Jelāl was the youngest of three children...
Jelāl was the youngest of three children, two being sons, born of the princess, his mother, in Balkh. The eldest, a daughter, was already married, and remained behind with her husband, when her father and brothers left their native city some time between a.d. 1208 and 121 I, in which latter year they were at Bagdad. There is no further mention of Jelāl's elder brother. Jelāl was five years old when they left Balkh.

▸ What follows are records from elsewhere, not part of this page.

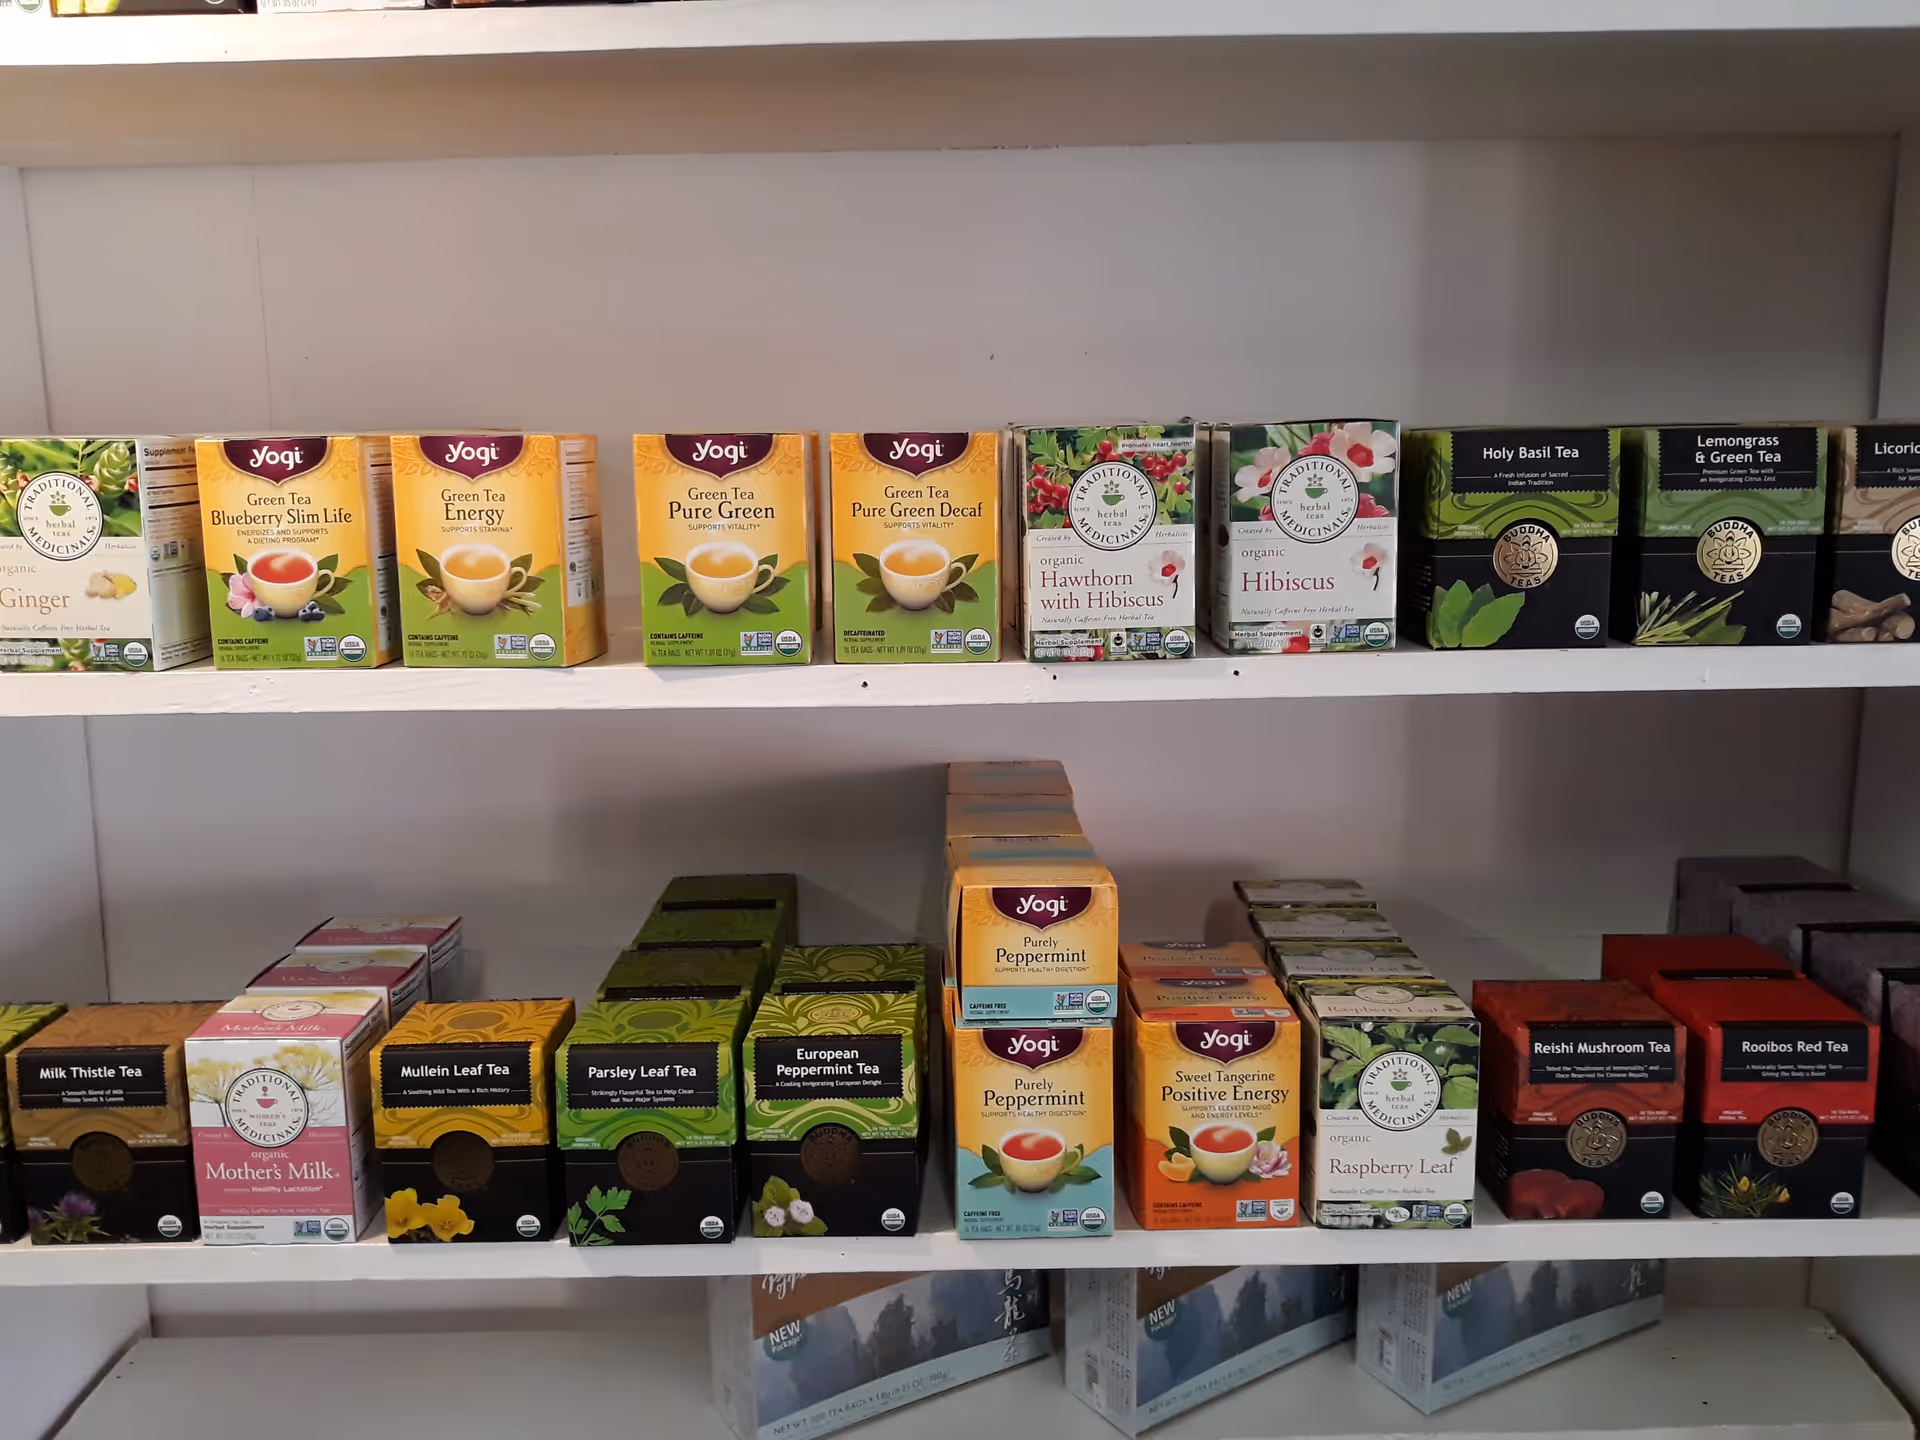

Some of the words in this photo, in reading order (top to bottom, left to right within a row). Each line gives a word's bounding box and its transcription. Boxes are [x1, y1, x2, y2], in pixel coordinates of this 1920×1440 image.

[1697, 435, 1780, 448] Lemongrass
[1875, 442, 1920, 454] Licoric
[1483, 447, 1514, 462] Holy
[1519, 447, 1551, 459] Basil
[1555, 446, 1579, 458] Tea
[1695, 452, 1705, 464] &
[1710, 451, 1753, 463] Green
[1757, 450, 1781, 463] Tea
[1076, 468, 1149, 501] TRADITIONAL
[1279, 461, 1352, 495] TRADITIONAL
[24, 478, 91, 511] TRADITIONAL
[247, 493, 285, 505] Green
[288, 493, 311, 504] Tea
[441, 489, 479, 502] Green
[483, 489, 505, 502] Tea
[688, 488, 728, 500] Green
[730, 488, 754, 500] Tea
[884, 486, 923, 498] Green
[927, 486, 949, 498] Tea
[444, 503, 504, 525] Energy
[669, 501, 712, 519] Pure
[718, 501, 775, 519] Green
[852, 502, 886, 518] Pure
[891, 502, 935, 517] Green
[940, 502, 983, 517] Decaf
[1300, 503, 1330, 511] herbal
[211, 510, 282, 530] Blueberry
[287, 508, 320, 524] Slim
[323, 508, 352, 524] Life
[1306, 512, 1324, 520] teas
[1503, 526, 1550, 543] BUDDHA
[1707, 521, 1754, 538] BUDDHA
[1040, 554, 1084, 568] organic
[1241, 547, 1285, 561] organic
[1041, 569, 1132, 588] Hawthorn
[1242, 571, 1335, 592] Hibiscus
[1511, 577, 1541, 587] TEAS
[0, 588, 69, 615] Ginger
[1041, 592, 1080, 610] with
[1088, 591, 1164, 608] Hibiscus
[1024, 937, 1058, 949] Purely
[996, 948, 1086, 966] Peppermint
[1534, 1042, 1573, 1054] Reishi
[1577, 1042, 1644, 1053] Mushroom
[1648, 1041, 1671, 1053] Tea
[1742, 1041, 1793, 1053] Rooibos
[1798, 1041, 1822, 1052] Red
[1825, 1041, 1848, 1052] Tea
[797, 1049, 859, 1062] European
[40, 1068, 67, 1080] Milk
[70, 1067, 116, 1079] Thistle
[119, 1065, 142, 1077] Tea
[401, 1065, 449, 1077] Mullein
[454, 1064, 483, 1076] Leaf
[486, 1063, 510, 1075] Tea
[588, 1066, 636, 1080] Parsley
[641, 1065, 670, 1077] Leaf
[673, 1065, 697, 1077] Tea
[777, 1064, 853, 1078] Peppermint
[856, 1063, 880, 1075] Tea
[1176, 1071, 1211, 1083] Sweet
[1215, 1070, 1275, 1084] Tangerine
[1365, 1057, 1435, 1086] TRADITIONAL
[233, 1074, 301, 1103] TRADITIONAL
[1015, 1079, 1054, 1092] Purely
[984, 1090, 1085, 1110] Peppermint
[1162, 1086, 1227, 1102] Positive
[1233, 1085, 1289, 1104] Energy
[1385, 1094, 1415, 1102] herbal
[1330, 1134, 1371, 1144] organic
[252, 1151, 289, 1161] organic
[206, 1162, 282, 1180] Mother's
[1330, 1158, 1413, 1178] Raspberry
[1420, 1156, 1458, 1174] Leaf
[1447, 1278, 1472, 1302] NEW
[1149, 1299, 1175, 1325] NEW
[769, 1320, 800, 1346] NEW
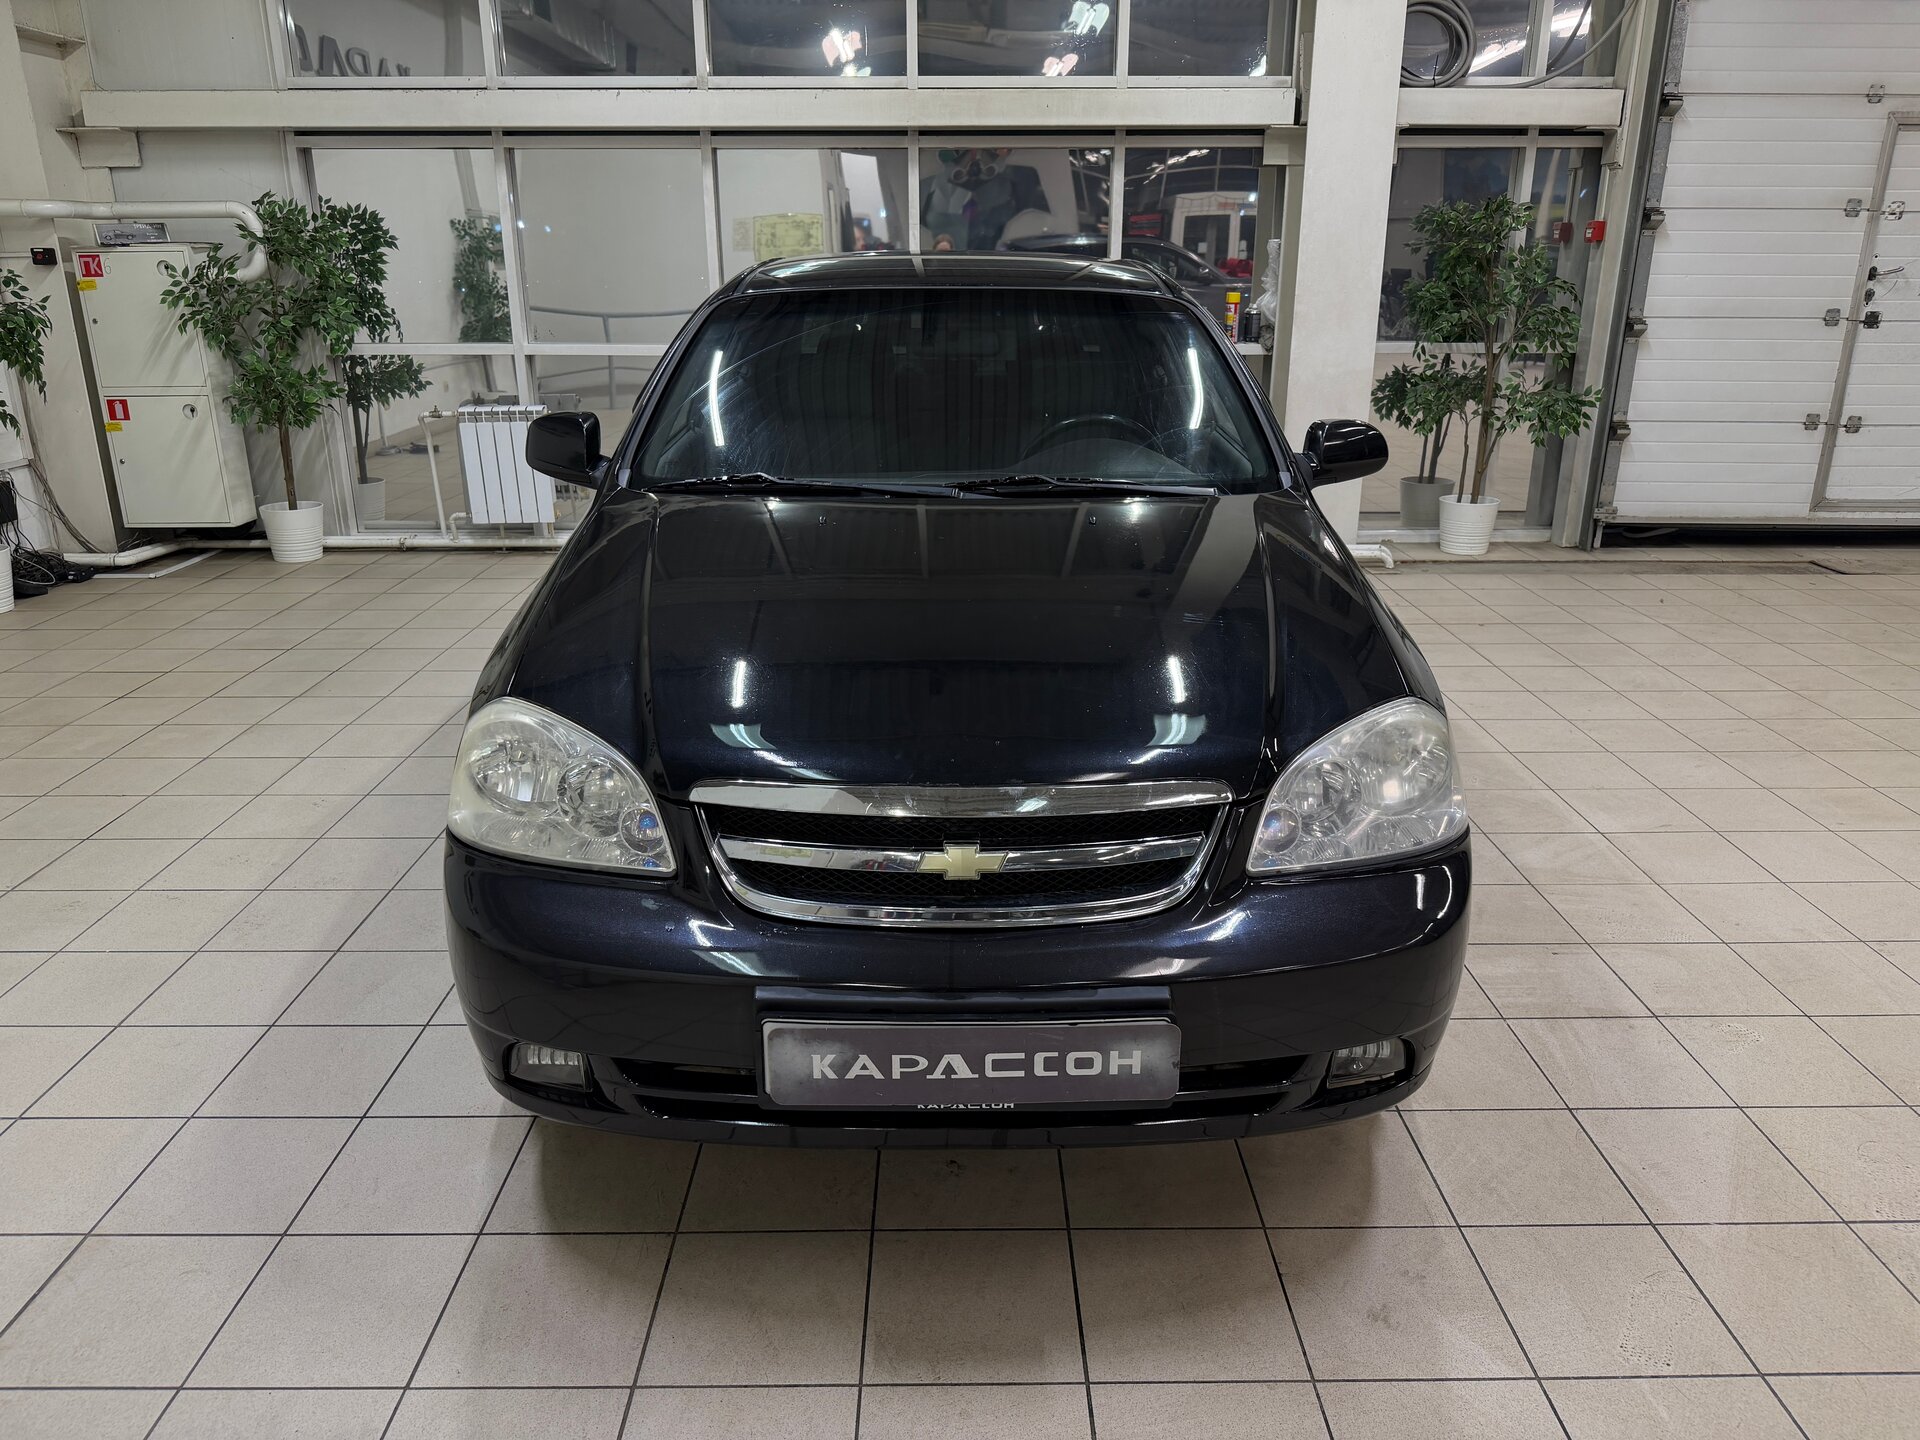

By way of Bagdād they went to Mekka, thence to Damascus, and next to Erzinjān, in Armenia; thence to Larenda, in Asia Minor. Jelāl's mother was still with the party. He was now eighteen years old; and was married, at Larenda, to a lady named Gevher (Pearl), daughter of a certain Lala Sherefu-’d-Dīn of Samarqand, in a.d. 1226. 1 She bore him two sons there, ‘Alā’u-’d-Dīn (afterwards killed in a tumult at Qonya) and Bahā’u-’d-Dīn Sultān Veled, through whom the succession of the house was continued.
She appears to have died rather young; for Jelāl afterwards married another lady of Qonya, who outlived him, and by whom he had two other children, a son and a daughter. (See Anecdotes, Chap. iii., No. 69, for a variant.) After the birth of Sultān Veled at Larenda, Jelāl's father was invited to Qonya by the Seljūqi king, ‘Alā’u-’d-Dīn Kayqubād, where he founded a college, and where he died in a.d. 1231. The king built a marble mausoleum over his grave, with this date inscribed on it.
The king himself died, five years later, in a.d. 1236. At his father's death, Jelāl went to Aleppo and Damascus for several years to study, and then returned to Qonya, where he was appointed professor of four separate colleges. His reputation for learning and sanctity became very great. But before this journey to Damascus, he appears to have paid a visit to Larenda.
For, a former pupil of his father's at Balkh, who had become a great saint and anchoret, came to Qonya to seek Jelāl, and was the cause of his returning from Larenda to the capital. This was the Sheykh and Seyyid Burhānu-’d-Dīn, who became Jelāl's spiritual teacher for some time. The dates given do not agree in the various branches of Eflākī's compilation; for he here gives a period of nine years'’ spiritual study at Qonya under Burhān.
After Burhān's instructions and departure from Qonya to Qaysariyya, where he died, and after Jelāl's studies at Aleppo and Damascus, with his subsequent return to Qonya and appointment to the four colleges, another great saint came to visit Jelāl at this latter city.